● Task brief:
Note how many lines of the material that follows include the string "DYNGUS", and state only that number.

● Data records:

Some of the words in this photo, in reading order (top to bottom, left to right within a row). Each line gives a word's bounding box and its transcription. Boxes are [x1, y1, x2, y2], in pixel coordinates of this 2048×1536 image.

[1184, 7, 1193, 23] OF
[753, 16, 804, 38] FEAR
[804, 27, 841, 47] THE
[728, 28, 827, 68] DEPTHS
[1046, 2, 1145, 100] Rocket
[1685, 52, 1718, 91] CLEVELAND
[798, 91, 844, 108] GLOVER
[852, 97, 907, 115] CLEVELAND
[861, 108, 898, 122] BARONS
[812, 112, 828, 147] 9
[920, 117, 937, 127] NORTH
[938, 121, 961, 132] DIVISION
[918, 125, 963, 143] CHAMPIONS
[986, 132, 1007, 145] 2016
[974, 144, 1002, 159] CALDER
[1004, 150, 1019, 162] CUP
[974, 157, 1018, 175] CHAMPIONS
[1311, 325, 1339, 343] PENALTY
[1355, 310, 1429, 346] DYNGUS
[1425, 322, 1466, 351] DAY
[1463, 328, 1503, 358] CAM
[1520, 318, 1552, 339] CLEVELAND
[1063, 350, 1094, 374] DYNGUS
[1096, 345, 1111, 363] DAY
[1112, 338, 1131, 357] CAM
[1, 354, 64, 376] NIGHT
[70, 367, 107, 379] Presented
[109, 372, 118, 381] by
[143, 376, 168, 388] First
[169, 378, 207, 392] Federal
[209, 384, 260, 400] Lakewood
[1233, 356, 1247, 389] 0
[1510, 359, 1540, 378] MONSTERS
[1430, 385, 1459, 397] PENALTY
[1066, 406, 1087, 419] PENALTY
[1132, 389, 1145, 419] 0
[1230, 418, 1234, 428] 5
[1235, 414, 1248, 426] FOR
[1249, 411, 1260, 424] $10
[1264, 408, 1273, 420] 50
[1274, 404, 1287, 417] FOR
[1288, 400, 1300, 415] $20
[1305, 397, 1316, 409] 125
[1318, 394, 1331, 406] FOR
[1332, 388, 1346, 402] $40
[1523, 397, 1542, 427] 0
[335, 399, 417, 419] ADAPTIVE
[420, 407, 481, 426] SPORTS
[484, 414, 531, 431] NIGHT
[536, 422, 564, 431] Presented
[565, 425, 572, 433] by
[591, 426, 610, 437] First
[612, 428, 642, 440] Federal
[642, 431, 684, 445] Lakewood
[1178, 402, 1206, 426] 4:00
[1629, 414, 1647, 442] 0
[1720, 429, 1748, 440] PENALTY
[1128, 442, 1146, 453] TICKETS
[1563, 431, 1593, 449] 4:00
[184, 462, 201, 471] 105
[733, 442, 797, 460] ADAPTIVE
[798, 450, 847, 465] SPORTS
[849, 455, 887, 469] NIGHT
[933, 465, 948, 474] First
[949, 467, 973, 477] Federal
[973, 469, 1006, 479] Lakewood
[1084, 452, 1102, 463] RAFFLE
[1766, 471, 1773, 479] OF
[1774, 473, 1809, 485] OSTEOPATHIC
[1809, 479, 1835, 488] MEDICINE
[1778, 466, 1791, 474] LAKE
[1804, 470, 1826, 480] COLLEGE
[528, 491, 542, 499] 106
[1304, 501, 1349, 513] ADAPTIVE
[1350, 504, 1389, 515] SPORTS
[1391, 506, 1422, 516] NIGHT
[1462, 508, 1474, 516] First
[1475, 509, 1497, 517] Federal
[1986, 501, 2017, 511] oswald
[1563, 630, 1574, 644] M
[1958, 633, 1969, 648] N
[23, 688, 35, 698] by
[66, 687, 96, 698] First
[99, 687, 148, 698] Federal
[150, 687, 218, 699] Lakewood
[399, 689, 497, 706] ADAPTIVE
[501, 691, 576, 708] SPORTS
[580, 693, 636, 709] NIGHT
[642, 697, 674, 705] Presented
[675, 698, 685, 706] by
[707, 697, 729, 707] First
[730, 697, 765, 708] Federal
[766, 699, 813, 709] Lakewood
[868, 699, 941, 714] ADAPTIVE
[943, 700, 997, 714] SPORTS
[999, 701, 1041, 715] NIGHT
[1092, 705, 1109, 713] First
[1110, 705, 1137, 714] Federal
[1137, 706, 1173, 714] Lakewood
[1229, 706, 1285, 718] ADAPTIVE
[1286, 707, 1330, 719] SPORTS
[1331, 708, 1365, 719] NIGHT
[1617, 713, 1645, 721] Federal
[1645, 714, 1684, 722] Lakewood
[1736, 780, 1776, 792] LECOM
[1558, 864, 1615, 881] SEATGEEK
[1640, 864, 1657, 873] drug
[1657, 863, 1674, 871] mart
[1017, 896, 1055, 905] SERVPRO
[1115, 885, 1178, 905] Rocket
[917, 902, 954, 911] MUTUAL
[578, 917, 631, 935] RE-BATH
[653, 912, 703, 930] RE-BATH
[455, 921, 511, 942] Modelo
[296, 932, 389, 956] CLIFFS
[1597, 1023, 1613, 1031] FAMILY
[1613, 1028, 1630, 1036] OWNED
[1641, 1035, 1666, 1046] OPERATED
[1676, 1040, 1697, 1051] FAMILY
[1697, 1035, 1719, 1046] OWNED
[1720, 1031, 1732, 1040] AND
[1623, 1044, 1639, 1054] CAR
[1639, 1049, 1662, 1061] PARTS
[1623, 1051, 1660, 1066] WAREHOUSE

● Worked solution:
2